Avoiding frozen water service lines
The recent extremely cold temperatures have resulted in some frozen water service lines to homes and businesses in St. Louis Park. While the frost isn’t yet low enough to freeze water services in the ground, lines can freeze at the foundation of the building where they enter the building, especially if the connection is in an unheated room, a panel in the wall, small box, etc. This can cause problems if water isn’t run over the course of an extended weekend or longer. If you investigate and find that the area where the water line enters your house or business is unheated, follow these steps:
- Run your cold water continuously at a rate of one gallon every four minutes – about the stream width of a pencil. The cold water should be run from the lowest point in your home or building, usually a laundry room sink or tub. Do not run hot water.
- If your pipes are frozen, use a small heater, blow dryer or heat tape to thaw the line where your service enters the building, usually near the water meter. Do not use an open flame!
- If your pipes have already frozen and been thawed, it’s essential to keep water running continuously. Turning the water off, even for a few minutes, could cause the once-frozen line to refreeze. Pipes that have frozen once are likely to refreeze if water is not run continuously at a rate of one gallon every four minutes – about the stream width of a pencil.

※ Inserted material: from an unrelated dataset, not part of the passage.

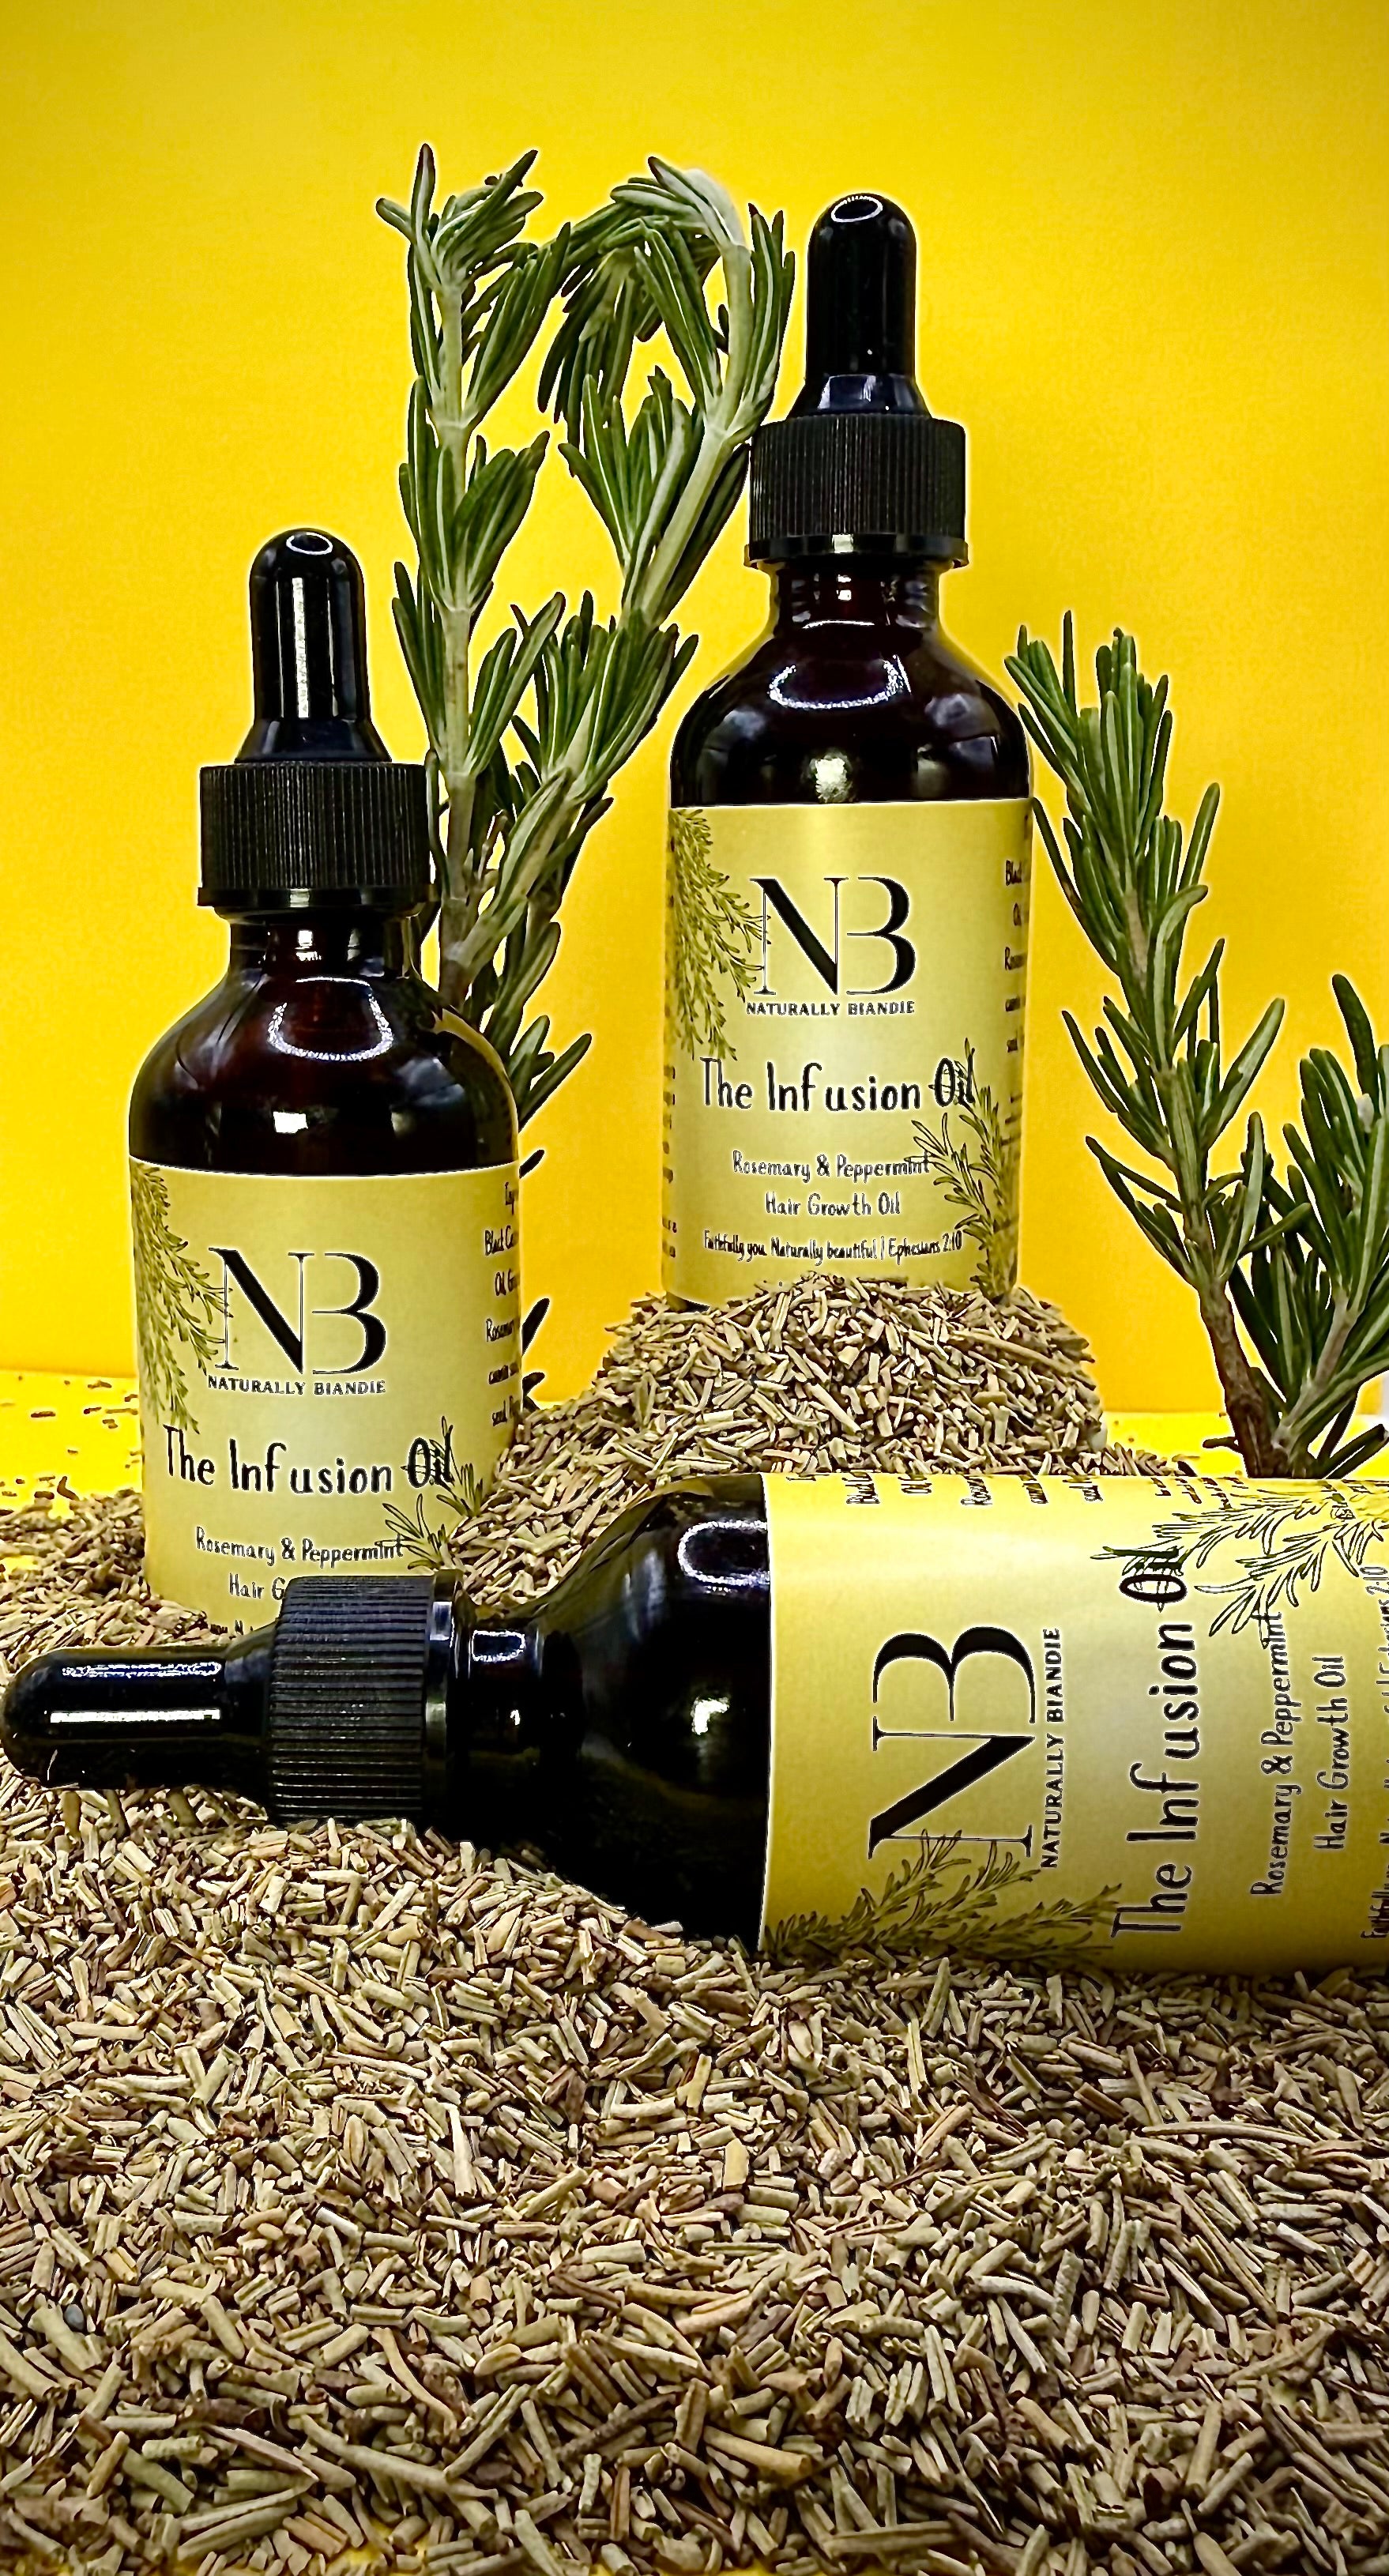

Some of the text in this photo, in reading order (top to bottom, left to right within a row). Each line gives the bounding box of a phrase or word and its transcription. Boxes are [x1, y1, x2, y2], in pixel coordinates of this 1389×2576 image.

- Once the outside temperatures rise above freezing, don’t stop running your water. It will take frost much longer to leave the ground than just a few days of above-freezing temperatures.
- If you have a frozen water pipe and don’t have water service, call St. Louis Park Utilities during regular business hours at 952.924.2562, or call 952.924.2618 after hours.
Utility customers are responsible for the cost of increased water use needed to keep pipes unfrozen. While it’s important to balance the small risk of frozen water pipes against the increased cost of continuous water use and wasted water, it’s also true that the cost of extra water use is most likely far smaller than the cost of repairing a frozen water line.